I feel the innovation part is rather inflated, however there's no doubt that things have progressed over the years.

The part about grown men\women supporting the industry is something that I really didn't pay attention to, but it is very true. Every time I head out on the trail, I rarely see young people out there. It's mostly older folks who have the disposable income for their $5-8k bike, be it on-road or off-road. I also don't remember many adults riding back when I was a kid and that is not the case anymore... That says a lot...


----------



## watts888 (Oct 2, 2012)

xler8 said:


> I also don't remember many adults riding back when I was a kid and that is not the case anymore... That says a lot...


I wonder if this is a generational issue with the introduction of mandatory bike helmets? When I was a kid, nobody wore helmets, and riding a bike is just what you did. The classic "where's Billy?" issue was solved by looking for the stack of bikes in front of someones house. Only way for kids to see each other and hang out, was to get out and ride your bike.

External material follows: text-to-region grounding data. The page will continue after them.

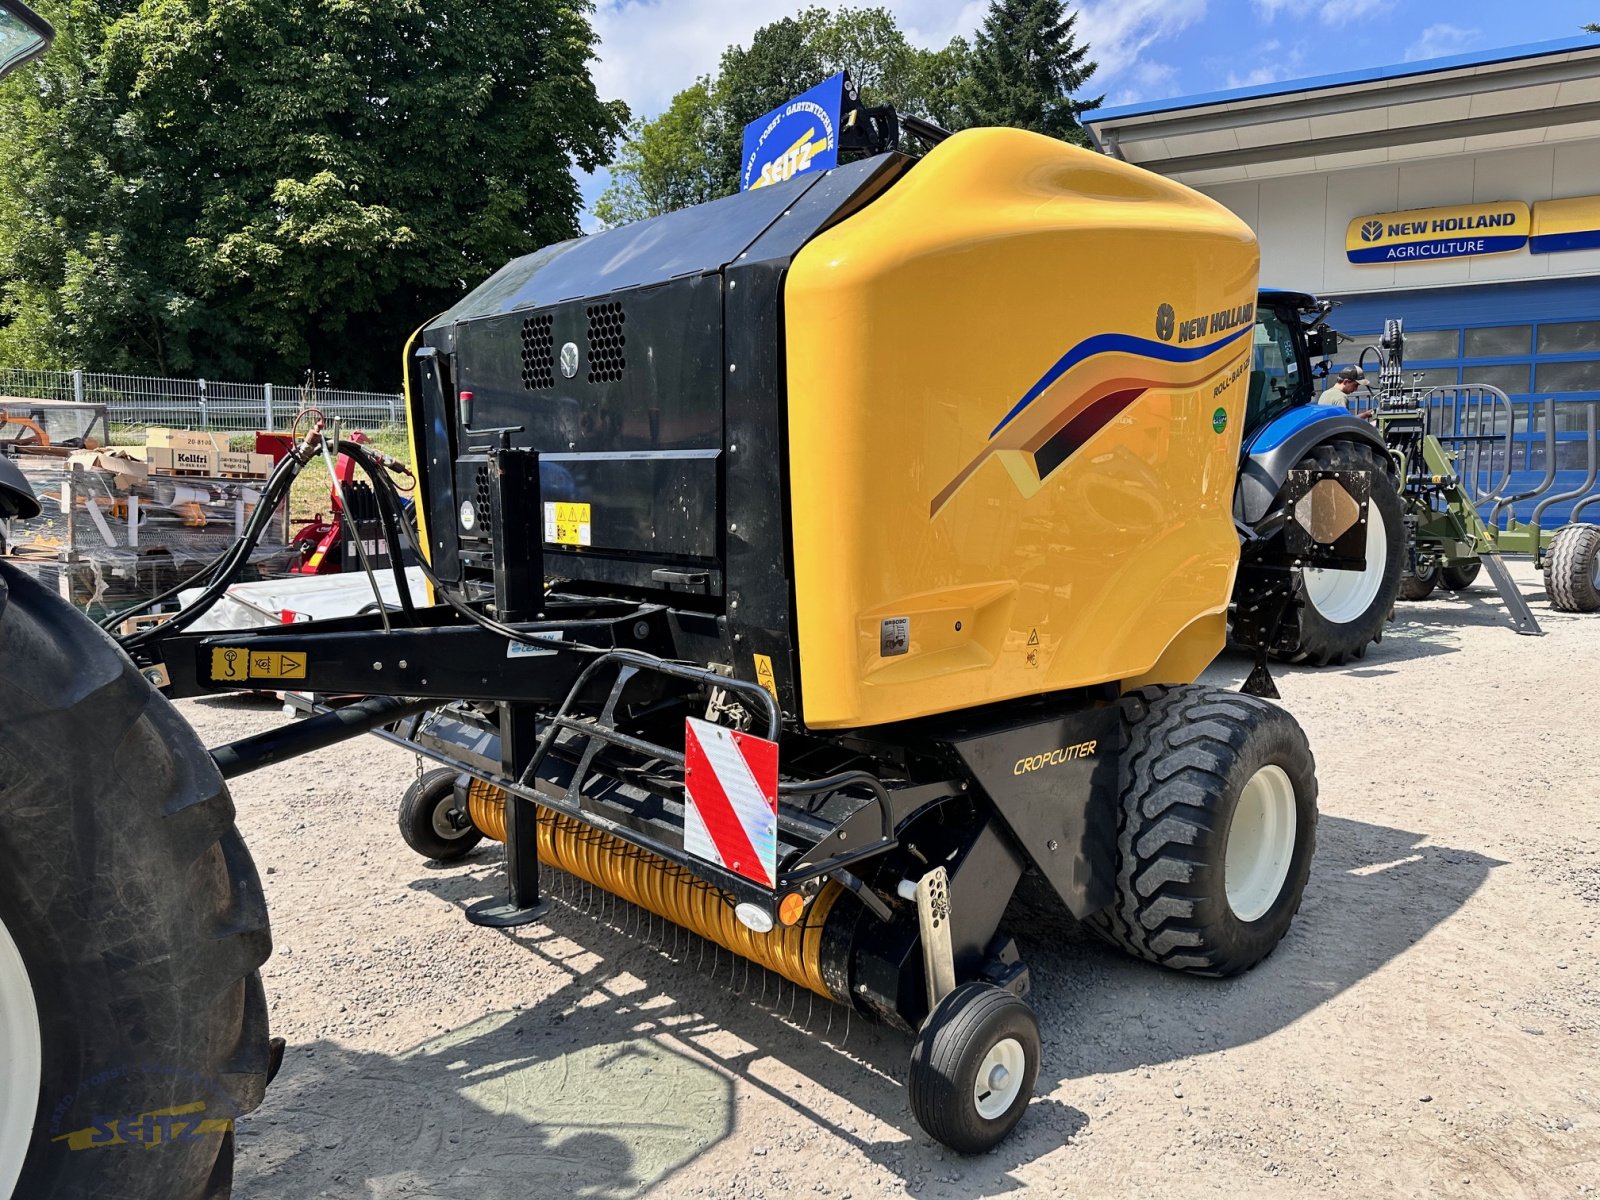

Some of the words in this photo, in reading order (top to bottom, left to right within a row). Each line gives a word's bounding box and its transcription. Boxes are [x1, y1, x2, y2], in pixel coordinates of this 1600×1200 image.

[744, 152, 756, 190] LAND
[759, 113, 781, 147] FORST
[786, 101, 834, 152] GARTENTECHNIK
[761, 142, 812, 188] SEITZ
[1387, 220, 1427, 237] NEW
[1431, 212, 1516, 233] HOLLAND
[1386, 240, 1484, 259] AGRICULTURE
[1178, 315, 1209, 343] NEW
[1210, 303, 1254, 334] HOLLAND
[177, 453, 207, 464] Kellfri
[1013, 739, 1097, 776] CROPCUTTER
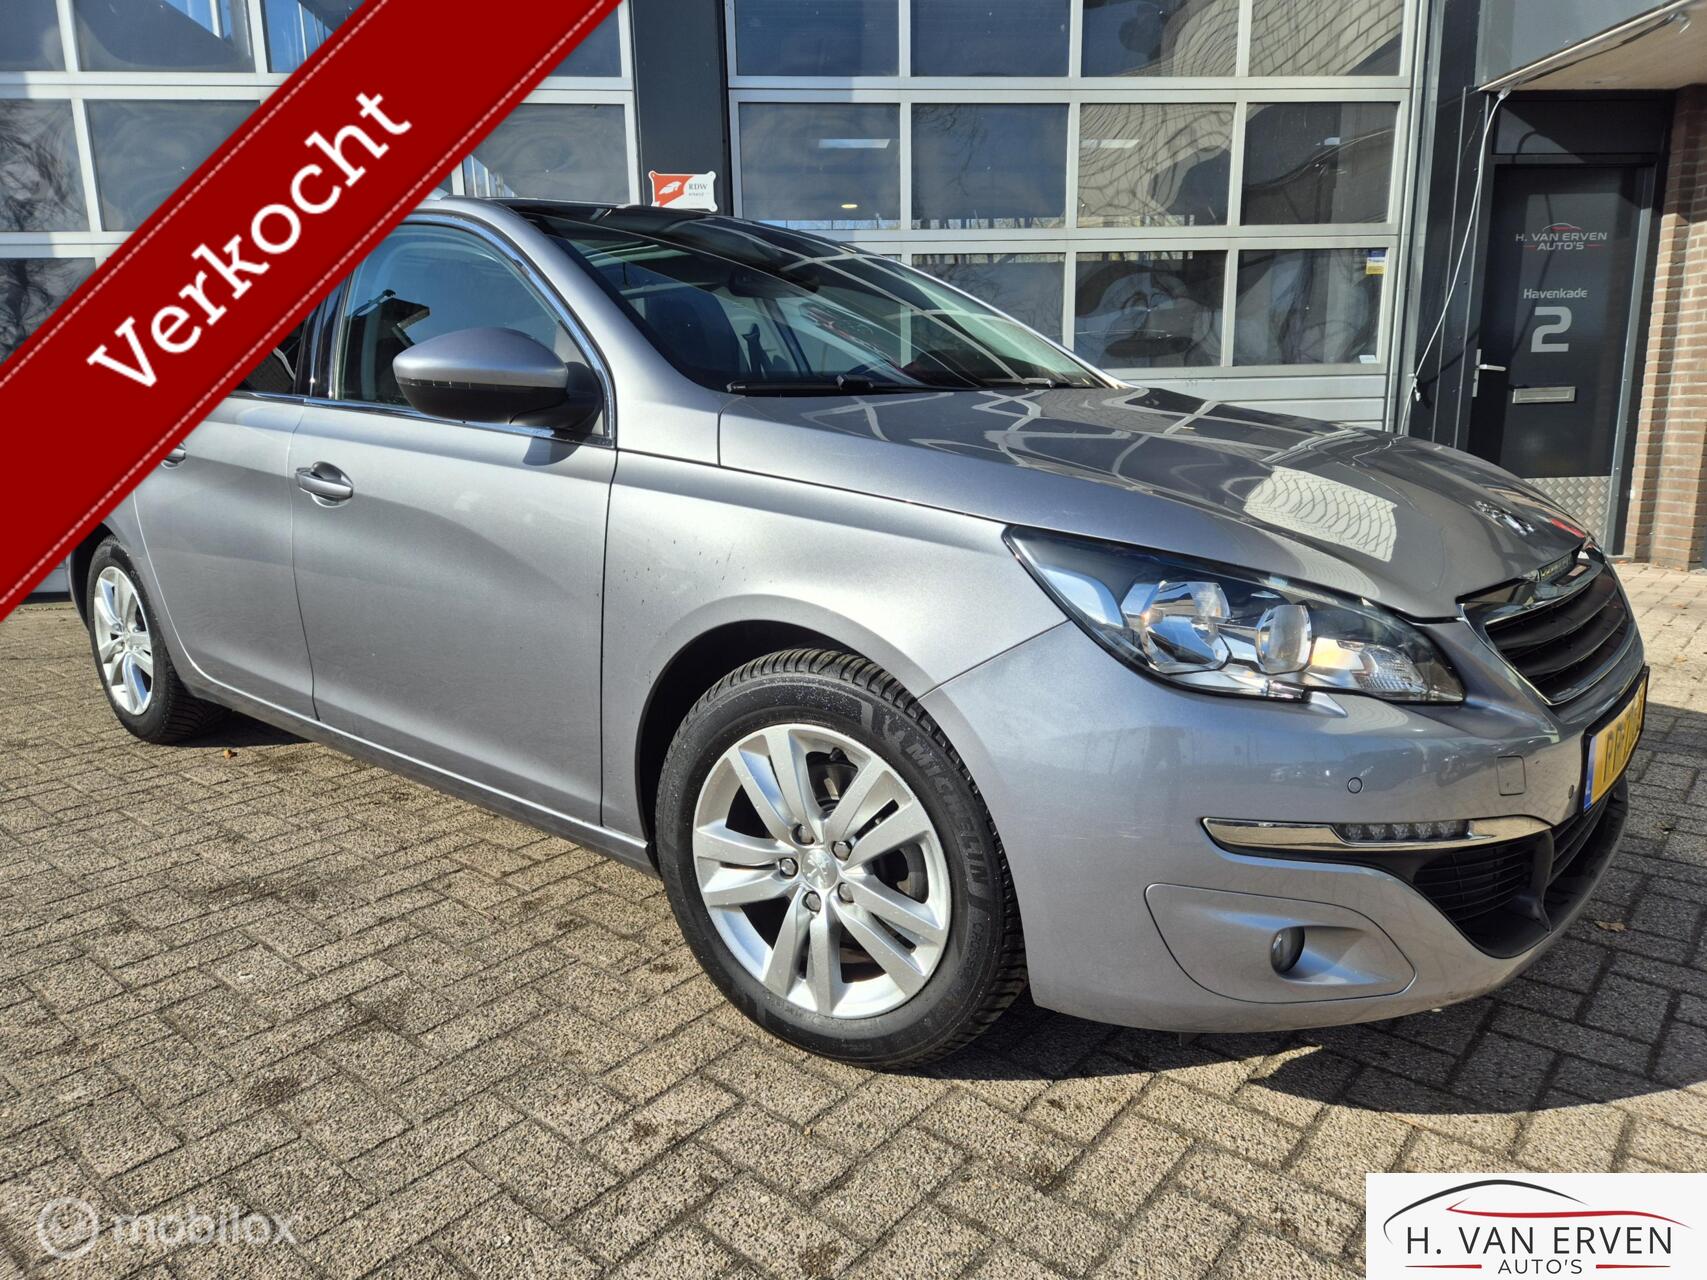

Playstation and Xbox, you have doomed us all. Nintendo, with your horrible VOIP, not so much.


----------



## gregg (Sep 30, 2000)

Does this help?

Round up: Best value mountain bikes under $1000 - Mtbr.com


----------



## bigbird (Nov 18, 2004)

FullBladdy said:


> For me life has a lot to do with balance. We spend lots of money on all sorts of things in our lives. The person living in the McMansion with the beamer in the driveway that is sliding quickly into financial ruin seems a lot more common than the person on the high end bike. Oh yeah they probably have a high end bike sitting in the garage next to the beamer. We are brought up in this culture to live beyond our means. Credit card companies flocking towards college campuses at the beginning of the school year, trade in and trade up deals on cars, keeping up with the Jones'. The list goes on and on.
> 
> What I feel is different about bikes is what comes with that expense. An opportunity to get to the outdoors, getting in better shape, making like spirited like minded friends and creating fun times with family. You don't get any healthier in that expensive car. Biking creates good habits IMO. My brother and I have a tradition of biking together 1-3 times a week, we have never been closer or in better shape. My son is all into it as well at 7 years old and would rather spin around the block than sit in front of the t.v. For me this stuff doesn't have a price tag attached to it the way other purchases do, it goes way beyond that.
> 
> ...


oh so true and spot on! I too came from the time when riding my bike was a way of transportation to my friends house and a way to go where I wanted to. in grammar school I rode and raced BMX, moved to road in high school, stopped for a few years, and once I had kids, I started again but this time on a mtn bike and have never looked back. as I have gotten older and making more money and having a larger disposable income I choose to spend it on the best I can buy. I currently own 3 bikes (Intense 951, Tazer and my most recent purchase of a '15 Intense Tracer carbon with quite a bit of customization). Why? because my riding dictates that I can appreciate the nuances of a almost flawless machine under me, I didn't buy a mc mansion of a house, put money aside for both my kids college (which the last one graduates in 2 weeks), and have worked hard to get where I am in my career. everyone chooses their path. and like fullbladdy said, its all about balance and priorities. I for one would not want the old bikes I had 20 years ago. Am I justifying the price of new bikes? I do think they are somewhat over priced but coming from the perspective of working in a small privately owned company and in manufacturing I can justify some of the pricing. Over the years I have "upgraded" on every bike I have bought and sold in order to get a better one as technology has advanced along with my riding abilities. Why would someone not want to buy the best equipment that they can afford to enhance their enjoyment of their respective hobby? most people have a hobby or an obsession......for me both are mtn biking.


----------



## dfiler (Feb 3, 2004)

You get more for your money now than ever before. What's changed is the increased number of high-end bikes available. You don't have to buy a super expensive bike just like you don't have to buy a super expensive car.


----------



## rj2 (Oct 19, 2004)

I bought a new 2004 Giant NRS 1 for $1,800 and upgraded it throughout the years with wheel set and new components. I finally replaced last year it with a used 2013 Giant Anthem X Advanced 29er for $2,400 ($4,800 new) and upgraded the wheel set. Given the cost of money, I made a significant upgrade. The bike is faster and I'm having more fun. Deals are out there, you just need to be patient and ready to pull the trigger when the right deal comes your way. 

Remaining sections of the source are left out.